Exercise:
From first line to last, give the records again word for word and omit the pictures.

(Given data Opens)

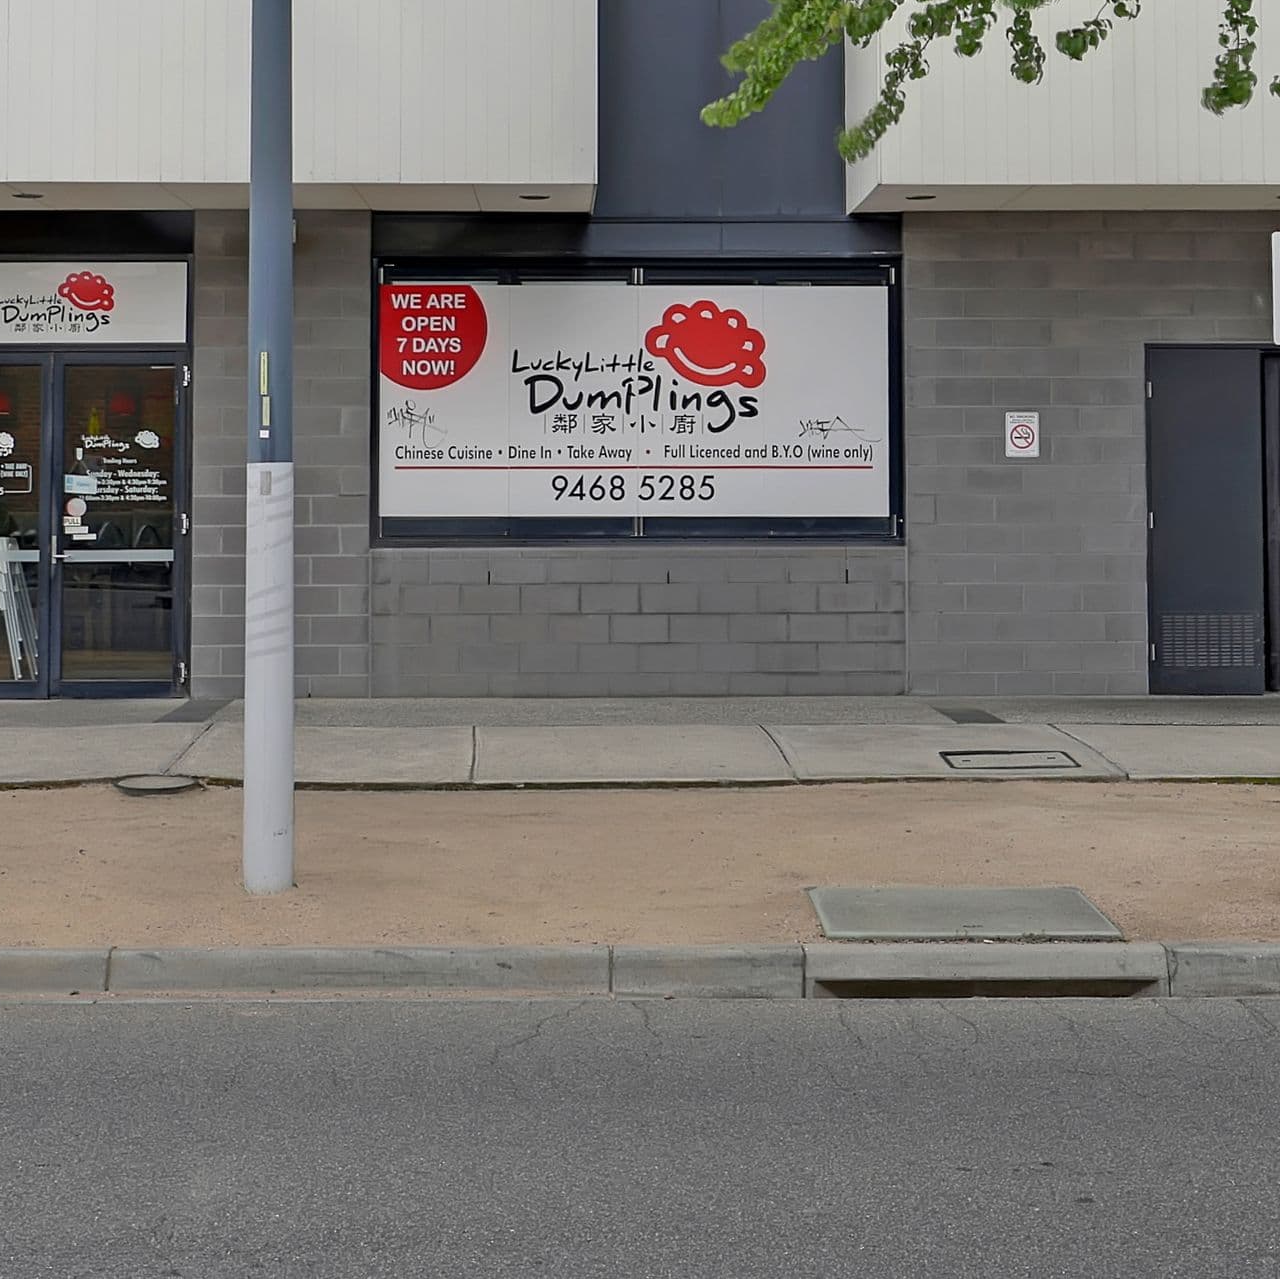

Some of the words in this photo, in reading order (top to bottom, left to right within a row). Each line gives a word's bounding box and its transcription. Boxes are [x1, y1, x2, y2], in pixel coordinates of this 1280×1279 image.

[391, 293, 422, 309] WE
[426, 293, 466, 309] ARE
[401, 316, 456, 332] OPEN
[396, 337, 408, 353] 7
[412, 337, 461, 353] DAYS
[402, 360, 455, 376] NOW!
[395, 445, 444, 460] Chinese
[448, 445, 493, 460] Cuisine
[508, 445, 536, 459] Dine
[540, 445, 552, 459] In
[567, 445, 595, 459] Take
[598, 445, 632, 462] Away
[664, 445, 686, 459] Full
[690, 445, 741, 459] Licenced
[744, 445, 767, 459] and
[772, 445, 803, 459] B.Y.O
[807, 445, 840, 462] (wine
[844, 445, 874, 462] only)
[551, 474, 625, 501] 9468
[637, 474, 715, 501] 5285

(Given data Closes)

Reply:
Some of the words in this photo, in reading order (top to bottom, left to right within a row). Each line gives a word's bounding box and its transcription. Boxes are [x1, y1, x2, y2], in pixel coordinates of this 1280×1279 image.

[391, 293, 422, 309] WE
[426, 293, 466, 309] ARE
[401, 316, 456, 332] OPEN
[396, 337, 408, 353] 7
[412, 337, 461, 353] DAYS
[402, 360, 455, 376] NOW!
[395, 445, 444, 460] Chinese
[448, 445, 493, 460] Cuisine
[508, 445, 536, 459] Dine
[540, 445, 552, 459] In
[567, 445, 595, 459] Take
[598, 445, 632, 462] Away
[664, 445, 686, 459] Full
[690, 445, 741, 459] Licenced
[744, 445, 767, 459] and
[772, 445, 803, 459] B.Y.O
[807, 445, 840, 462] (wine
[844, 445, 874, 462] only)
[551, 474, 625, 501] 9468
[637, 474, 715, 501] 5285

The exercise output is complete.